Quant à la philosophie économique, M. Trump croit qu'il faut libérer les entreprises de la surréglementation. M. Modi, bien qu'il ait une fois loué le « gouvernement minimum » et promis de remplacer la bureaucratie notoire de l'Inde par un tapis rouge pour les affaires, a présidé le gouvernement le plus étatique depuis des décennies. M. Modi a réduit les impôts sur les sociétés, mais il a également mis en place peut-être la taxe sur les produits et services la plus complexe au monde ainsi que des inspecteurs fiscaux indulgents de l'Inde dotés de nouveaux pouvoirs draconiens. Les problèmes économiques de l'Inde – étouffer la bureaucratie, les entreprises d'État sclérosées, un secteur bancaire dominé par le gouvernement et les lois foncières et du travail qui découragent l'investissement – restent largement les mêmes que lorsque M. Modi a pris ses fonctions il y a six ans.

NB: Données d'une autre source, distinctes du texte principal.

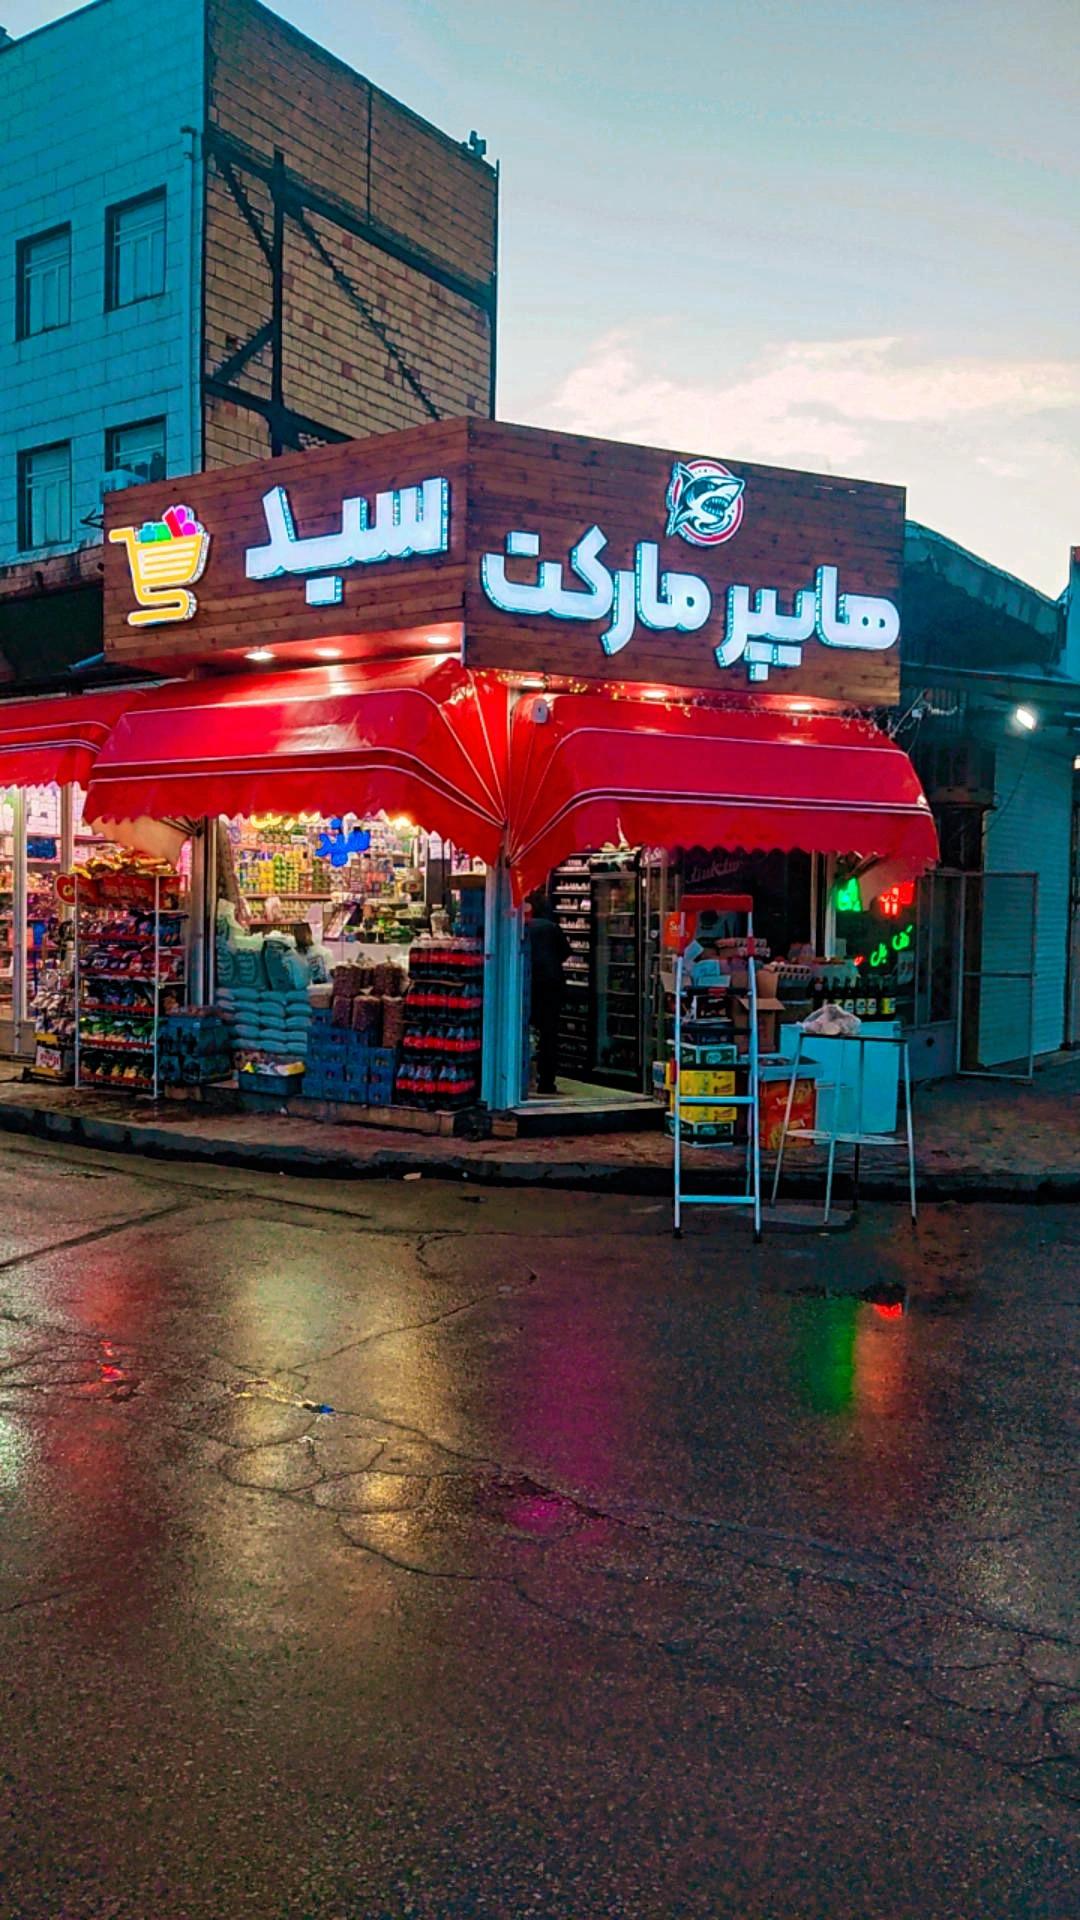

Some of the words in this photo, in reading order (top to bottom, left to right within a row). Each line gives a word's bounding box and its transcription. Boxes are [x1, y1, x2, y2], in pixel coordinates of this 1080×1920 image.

[245, 477, 449, 606] سبد
[481, 526, 712, 655] مارکت
[714, 566, 901, 682] هایپر

Les entreprises indiennes restent sous l'emprise du gouvernement. Plus tôt ce mois-ci, une multitude de compagnies aériennes, dont Air India, appartenant à l'État, et plusieurs transporteurs privés, ont brusquement interdit à un comédien de voler pour avoir accosté une chaîne de télévision pro-gouvernementale sur un vol.

Mais la principale raison de faire des comparaisons Trump-Modi avec une cuve industrielle de sel n'est ni biographique ni idéologique. L'Inde et les États-Unis sont tout simplement trop différents pour être raisonnablement comparés. La première est une démocratie relativement jeune avec un faible revenu par habitant et des institutions faibles. Ce dernier est le pays le plus puissant du monde, preuve que la démocratie fonctionne.

Madhav Khosla,

       qui enseigne le droit à l'Université de Columbia et la politique à l'Université Ashoka de l'Inde, souligne trois éléments clés dont les États-Unis disposent et dont l'Inde manque: des institutions robustes et indépendantes, une société civile forte, y compris des sociétés privées, et une opposition unifiée.

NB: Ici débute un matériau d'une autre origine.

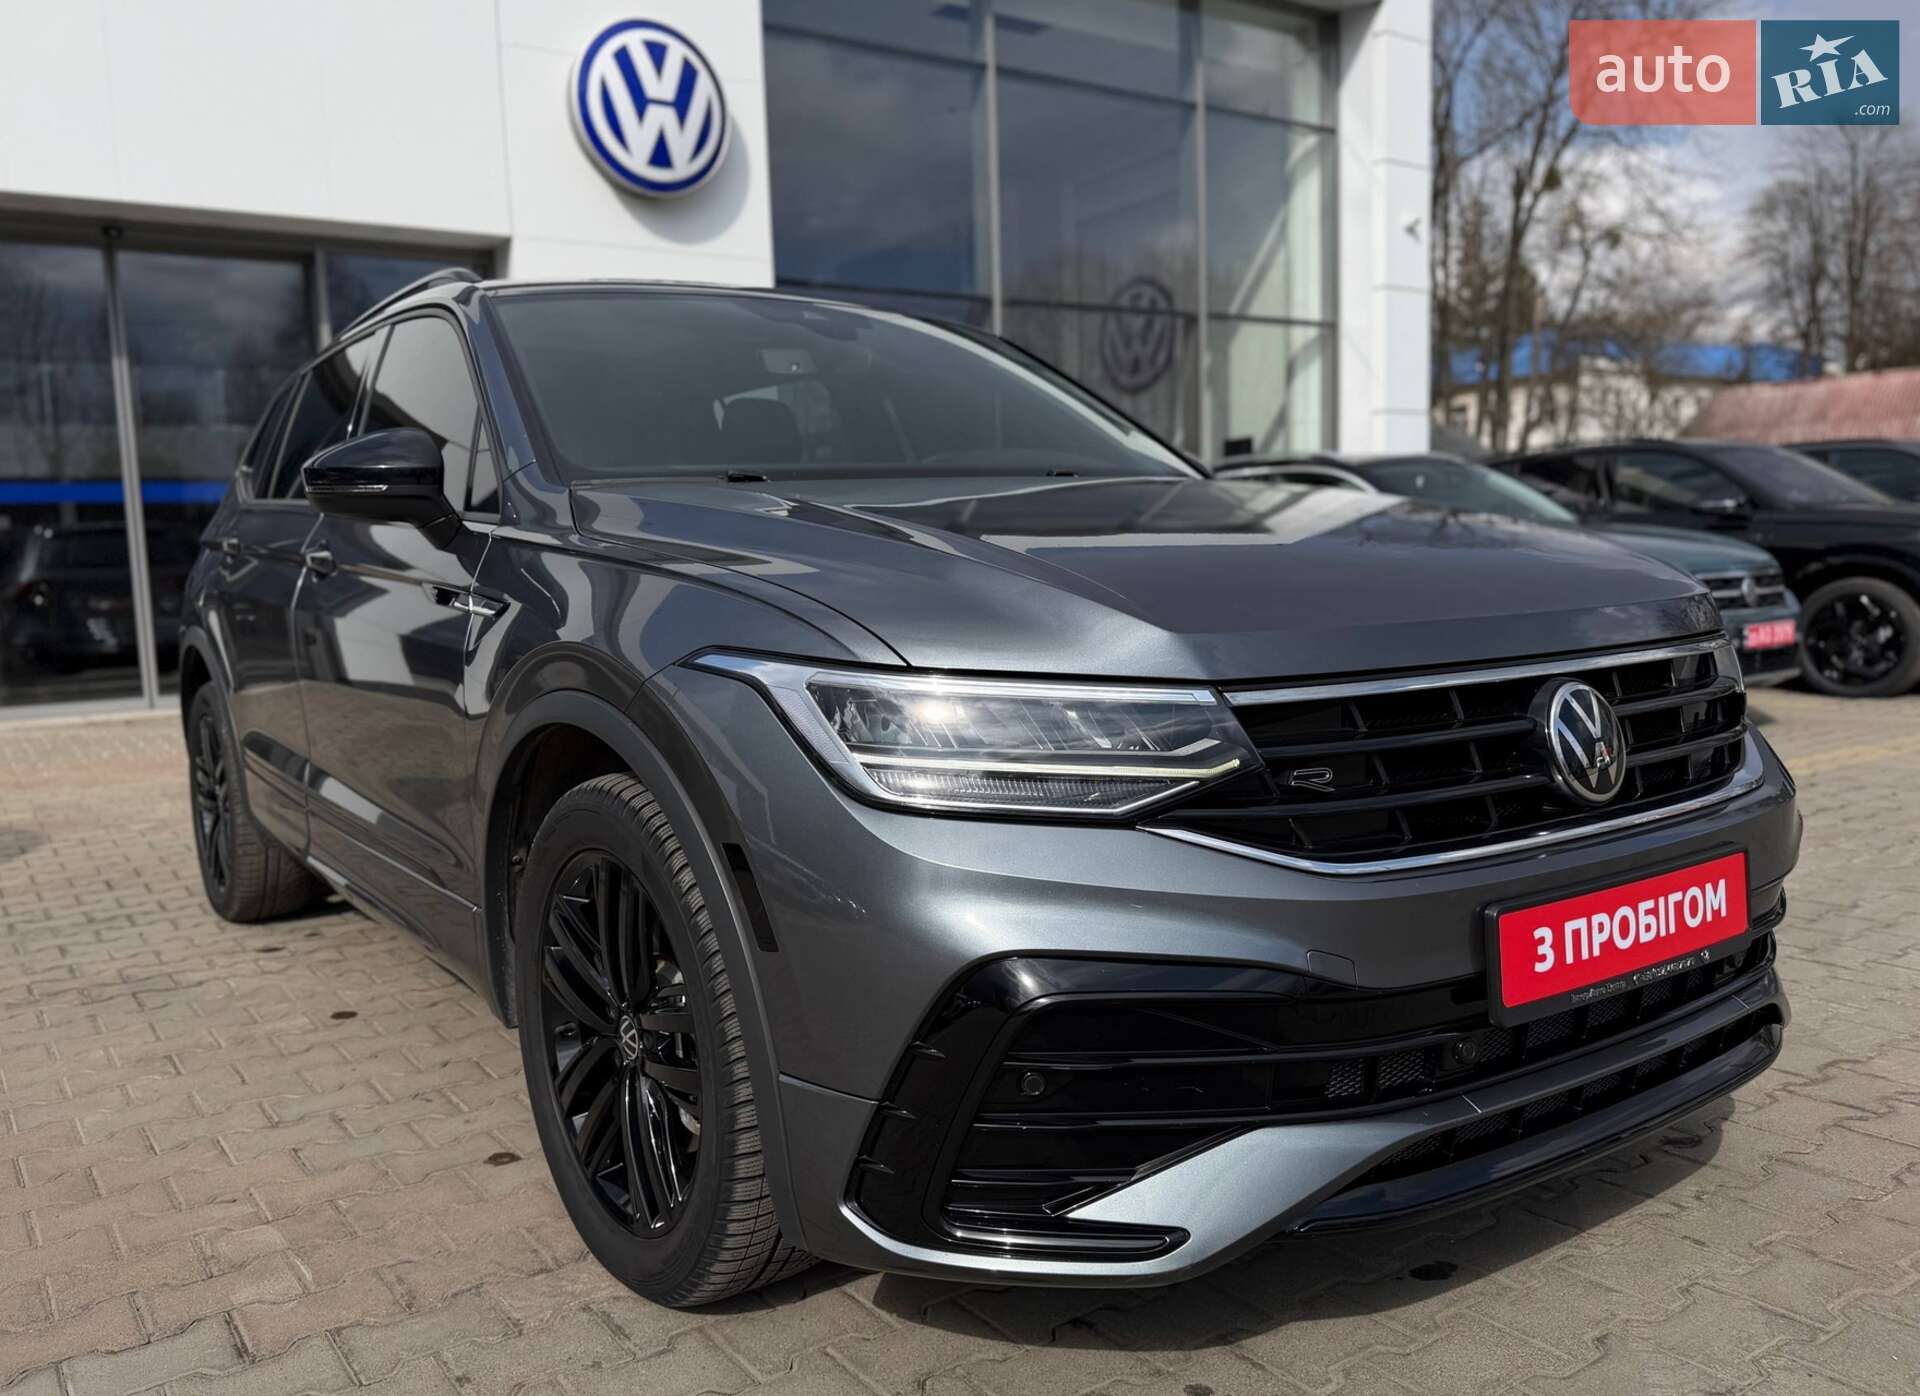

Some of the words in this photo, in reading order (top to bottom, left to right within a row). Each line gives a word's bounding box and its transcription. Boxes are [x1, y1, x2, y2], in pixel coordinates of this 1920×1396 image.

[585, 27, 724, 183] VW
[1288, 767, 1336, 792] R
[1551, 682, 1626, 802] VW
[1564, 878, 1728, 965] ПРОБІГОМ

« Aux États-Unis, un universitaire qui critique Trump ne s'inquiéterait pas un instant d'être pris en charge par le gouvernement alors qu'il se rendait à Columbia Law School ou à Harvard », a déclaré M. Khosla par téléphone depuis Delhi. «En Inde, cela pourrait arriver. C’est la différence. « 

Lorsque les dirigeants américains et indiens se rencontrent, ils évoquent souvent des liens entre les démocraties les plus anciennes et les plus grandes du monde. Cela masque une différence essentielle: les États-Unis ont plus de deux siècles d'expérience avec les institutions libérales. Le pouvoir est dispersé entre eux – y compris le Congrès, un pouvoir judiciaire indépendant et les médias – d'une manière qui contraint tout président.

En Inde, des institutions similaires se révèlent beaucoup plus fragiles. Par exemple, après que le gouvernement Modi a soudainement abrogé l’autonomie de l’État à majorité musulmane du Jammu-et-Cachemire en août, les tribunaux ont esquivé la question de la constitutionnalité de l’action. L'Inde a développé un problème avec les juges refusant d'appliquer le droit d'habeas corpus, une pierre angulaire de la loi anglo-saxonne que l'Inde a hérité des Britanniques. La plupart des médias, détenus par des entreprises sensibles aux pressions du gouvernement, passent plus de temps à surveiller l'opposition que le gouvernement.

En fin de compte, des gens raisonnables peuvent être en désaccord sur le point de savoir si la démocratie indienne a la force de survivre au mandat de M. Modi. Mais nous devons pouvoir le faire sans entraîner M. Trump dans le débat.